Response: The Registrant confirms that the Fund’s investments in ETFs are a non-principal investment strategy.
Performance
(o) In the Average Annual Total Returns table, the Fund includes the S&P Global Natural Resources Index for comparison. The Fund must include a broad-based securities market index for comparing its performance information in accordance with Item 4(b)(2)(iii) of Form N-1A and the Investment Company Release No. 19382 dated April 6, 1993.
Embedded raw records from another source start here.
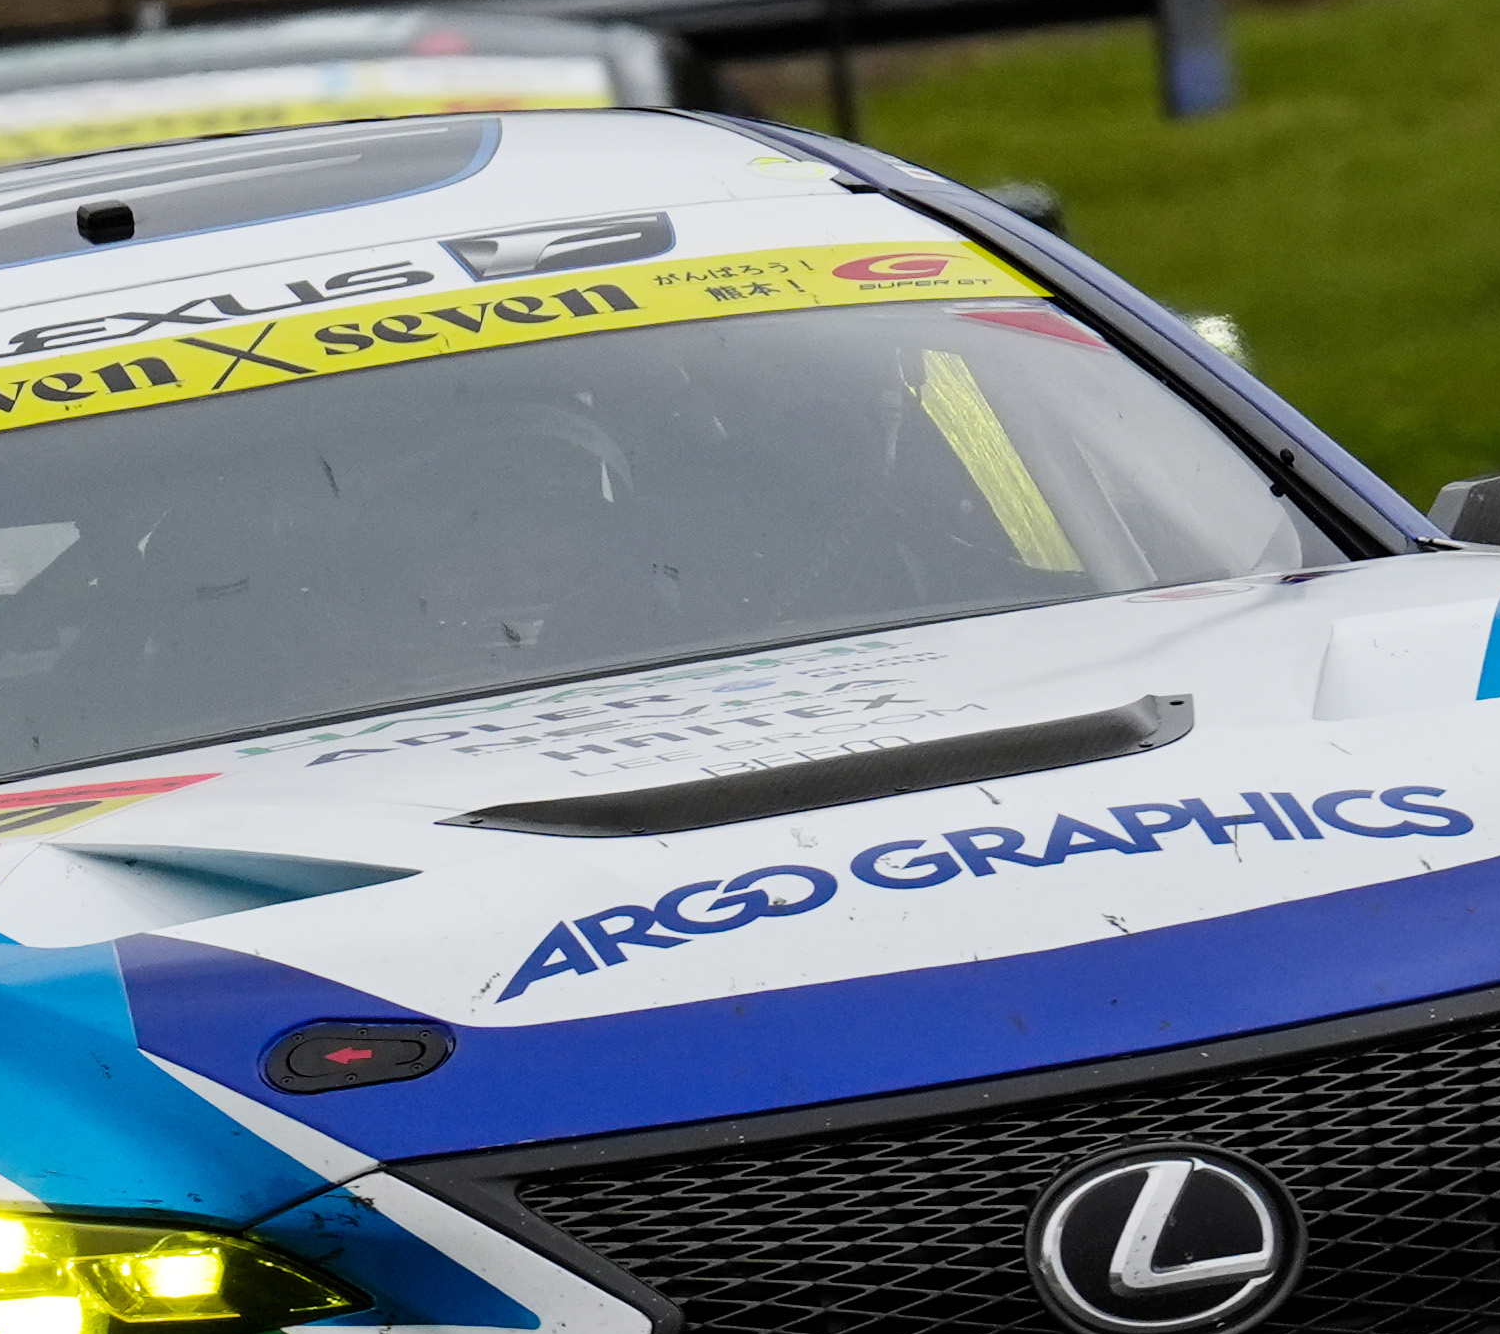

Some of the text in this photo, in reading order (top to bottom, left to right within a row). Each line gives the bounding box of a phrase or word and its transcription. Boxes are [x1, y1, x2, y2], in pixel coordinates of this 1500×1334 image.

[314, 282, 645, 357] seven
[859, 277, 994, 291] SUPER GT
[304, 692, 687, 768] ADLER
[450, 677, 906, 754] NEVHA
[539, 692, 928, 765] HAITEX
[570, 702, 989, 778] LEE BROOM
[494, 785, 1475, 1005] ARGO GRAPHICS
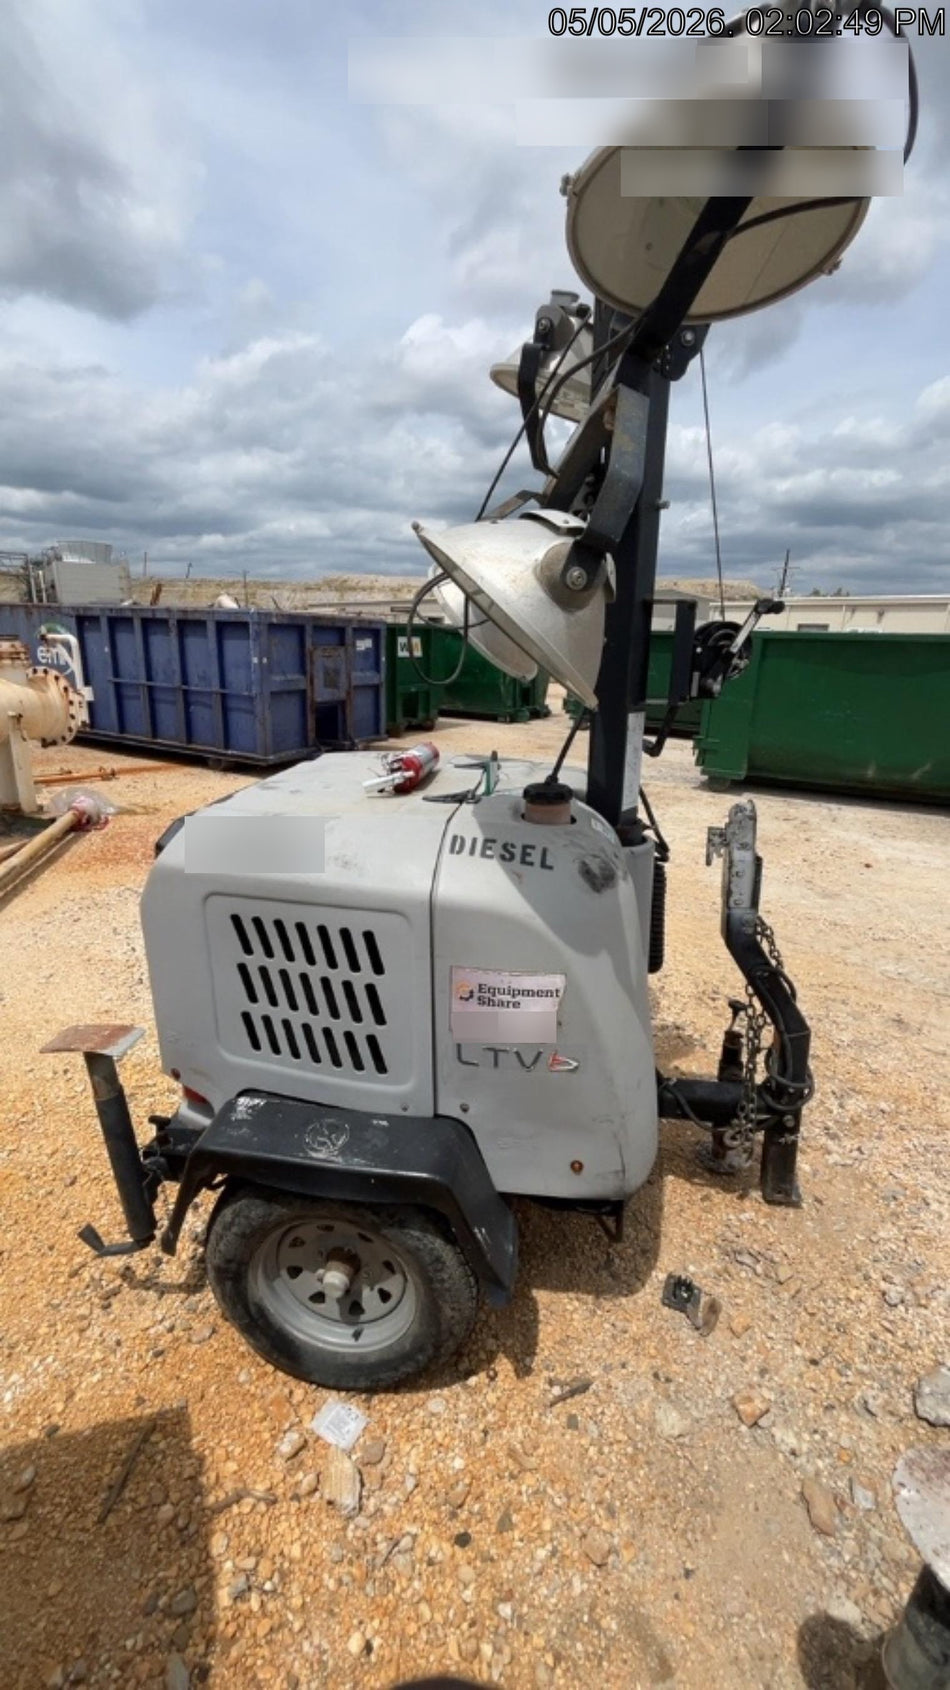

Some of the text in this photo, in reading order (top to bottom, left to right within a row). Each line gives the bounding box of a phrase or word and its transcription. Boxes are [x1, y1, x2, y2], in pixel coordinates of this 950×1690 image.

[449, 834, 554, 871] DIESEL
[477, 983, 561, 998] Equipment
[477, 996, 521, 1009] Share
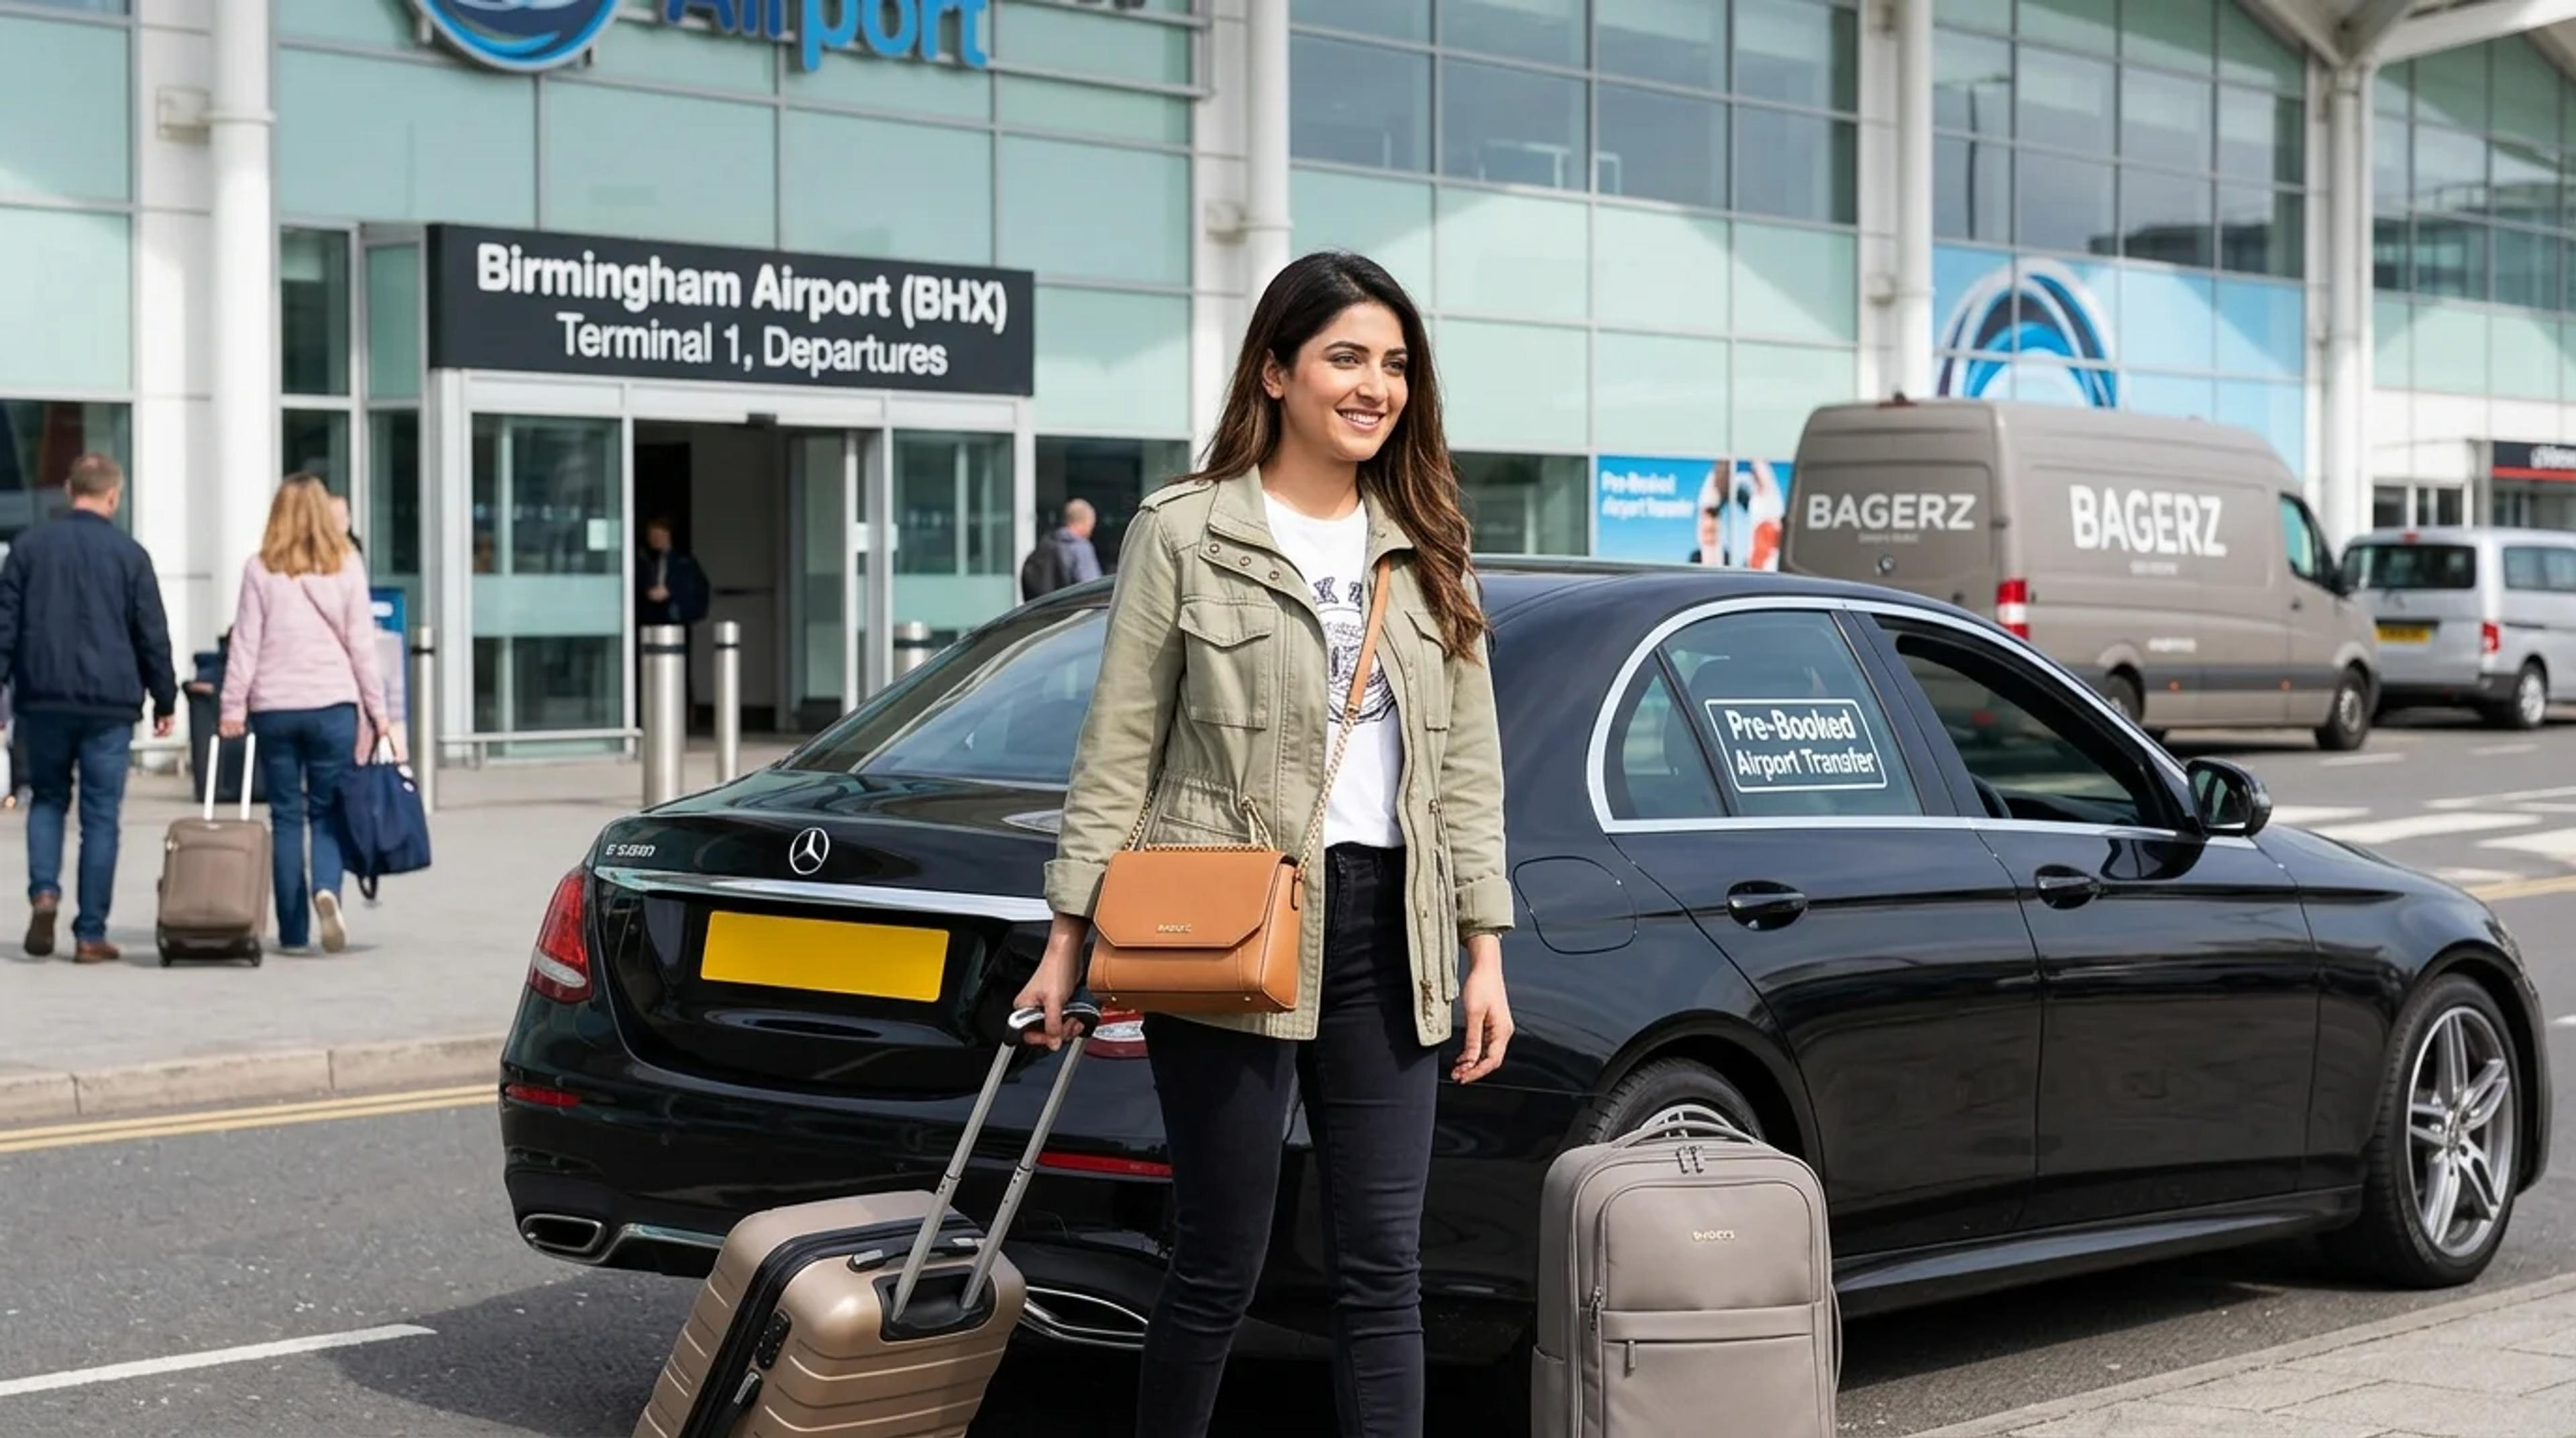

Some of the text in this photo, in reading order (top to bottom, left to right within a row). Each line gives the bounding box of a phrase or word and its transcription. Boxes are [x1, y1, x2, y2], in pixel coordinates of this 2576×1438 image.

[477, 242, 1007, 334] Birmingham Airport (BHX)
[555, 311, 949, 378] Terminal 1, Departures
[1807, 493, 1977, 530] BAGERZ
[2069, 484, 2227, 558] BAGERZ
[1735, 748, 1802, 782] Airport
Response: The Registrant has modified the Average Annual Total Returns table as follows:
Average Annual Total Returns for Periods Ended December 31, 20--16 | One Year | Since Inception September 28, 2012 |
Class I - Return Before Taxes | 29.97% | 5.07% |
Class I - Return After Taxes on Distributions* | 29.39% | 4.68% |
Class I – Return After Taxes on Distributions and Sale of Fund Shares* | 17.38% | 3.89% |
Class A – Return Before Taxes | 22.08% | 3.36% |
MSCI ACWI Index (reflects no deduction for fees, expenses or taxes) | 7.86% | 7.98% |
S&P Global Natural Resources Index (reflects no deduction for fees, expenses or taxes) | 31.45% | -2.15% |
More About the Fund’s Investment Objective, Principal Investment Strategies and Risks
(p) Please apply all applicable comments from the Summary Section to the Fund’s principal investment strategies and principal risks of investing sections under Item 9 of Form N-1A.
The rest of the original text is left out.